DÄ: Die Laborreform ist von der KBV-Vertreterversammlung mehrfach beraten und mit großer
Mehrheit beschlossen worden. Jetzt regt sich Kritik. Halten Sie diese für berechtigt?
Köhler: Die Reform führt veränderte vertragsärztliche Vergütungsstrukturen wie zum Beispiel die
veranlasserbezogene "Haftung" für die Wirtschaftlichkeit der Veranlassung ein. Neue Strukturen füh-ren
zwangsläufig zu Unsicherheit und Kritik. Erst die realen Abrechnungsergebnisse werden zeigen, ob die Kritik
berechtigt ist.
DÄ: Nach vielen vergeblichen Anläufen soll die Mengenentwicklung endlich wirksam gebremst und Mißbrauch
soweit wie möglich ausgeschlossen werden. Ist damit jetzt "Ruhe an der Laborfront"?

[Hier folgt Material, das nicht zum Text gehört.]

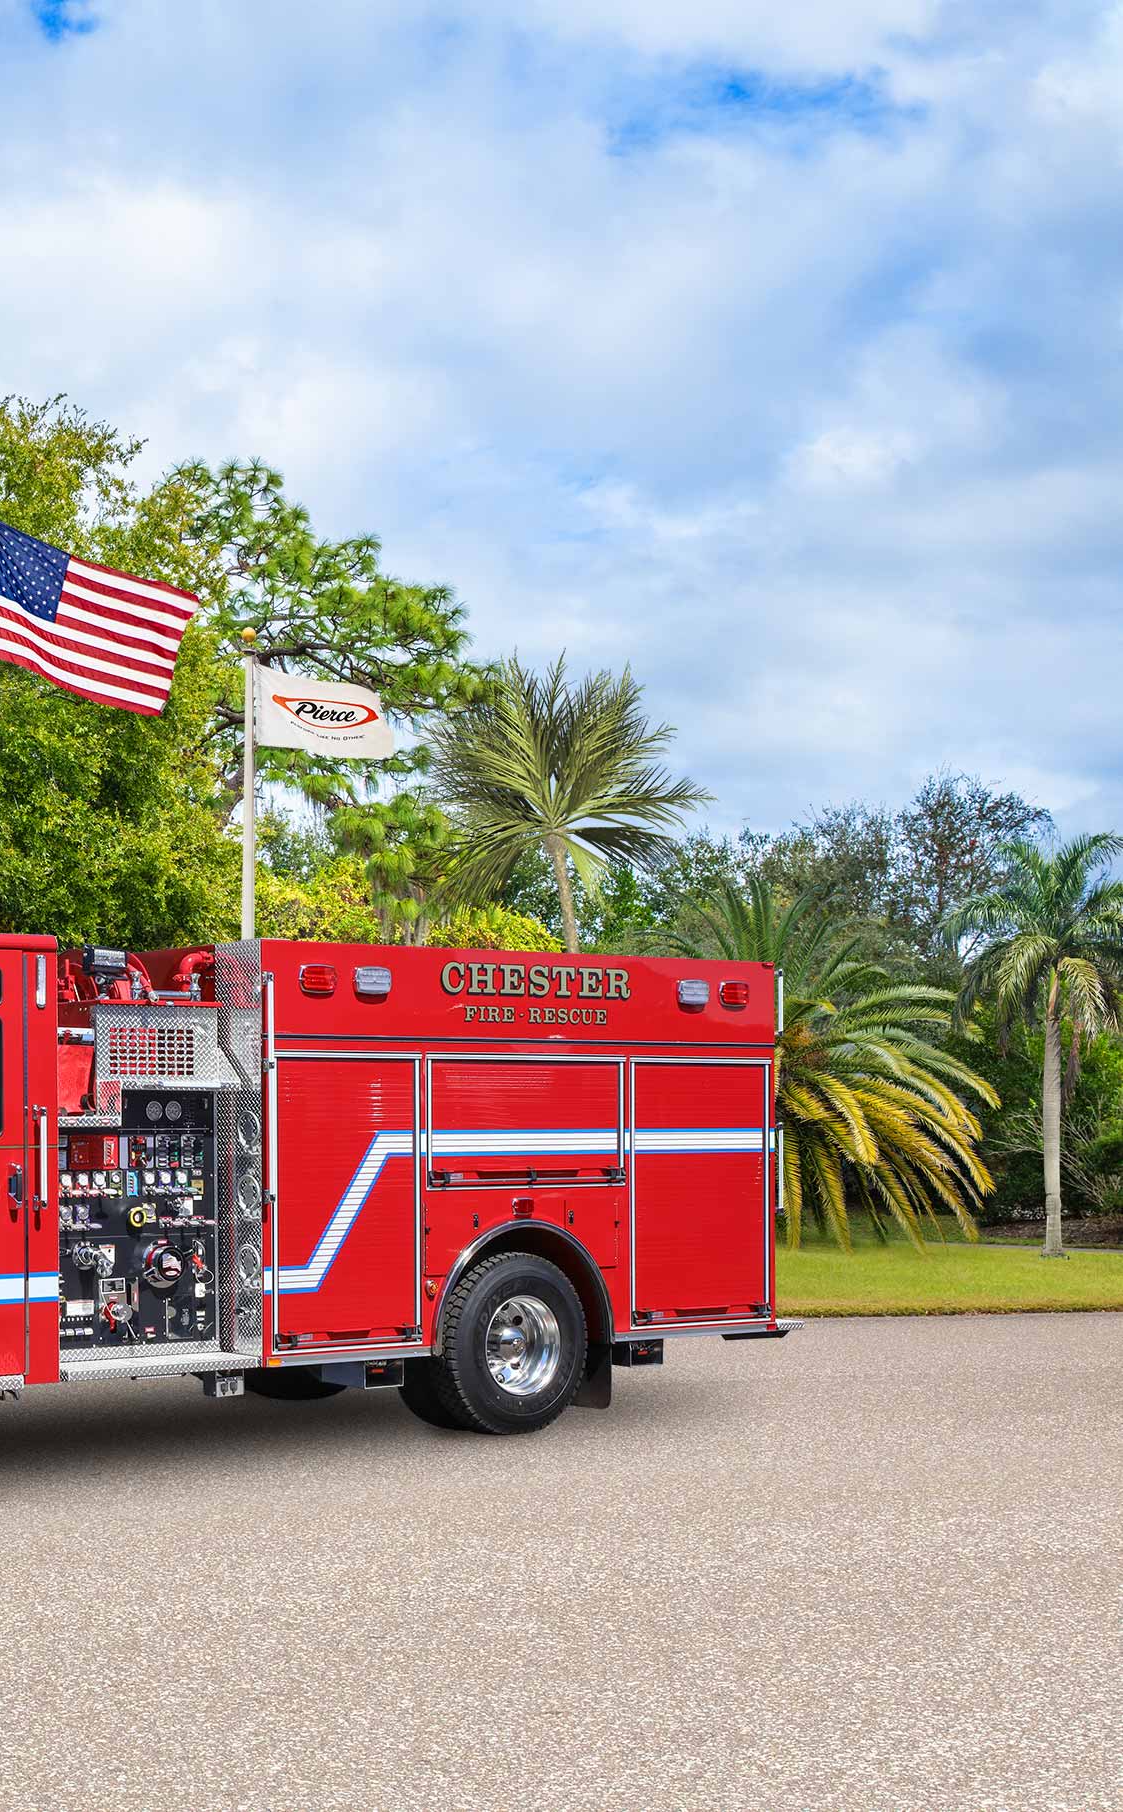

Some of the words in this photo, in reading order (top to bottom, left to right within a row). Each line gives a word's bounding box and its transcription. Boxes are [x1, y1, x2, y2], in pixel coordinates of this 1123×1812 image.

Köhler: Wie der gesamte EBM ist auch das Labor und die damit verbundene Reform nicht ganz frei von der
Bezeichnung Dauerbaustelle. Auch wenn wir davon ausgehen, daß im Moment kein Änderungsbedarf zum
Labor besteht, müssen wir die ersten Abrechnungsquartale abwarten, um nach einer sorgfältigen Analyse der
Auswirkungen der Laborreform im Soll-Ist-Vergleich mit den gesetzten Zielen gegebenenfalls notwendige
Änderungen zu erkennen und durchzuführen.
DÄ: Gibt es Elemente in der Laborreform, die Schule machen könnten?
Köhler: Die Übernahme der Verantwortung für die Wirtschaftlichkeit in Auftrag gegebener Leistungen durch
den Veranlasser ist zukunftsweisend und kann im Rahmen der Weiterentwicklung des EBM zum Beispiel auf
CT/MRT oder die Teilradiologie übertragen werden.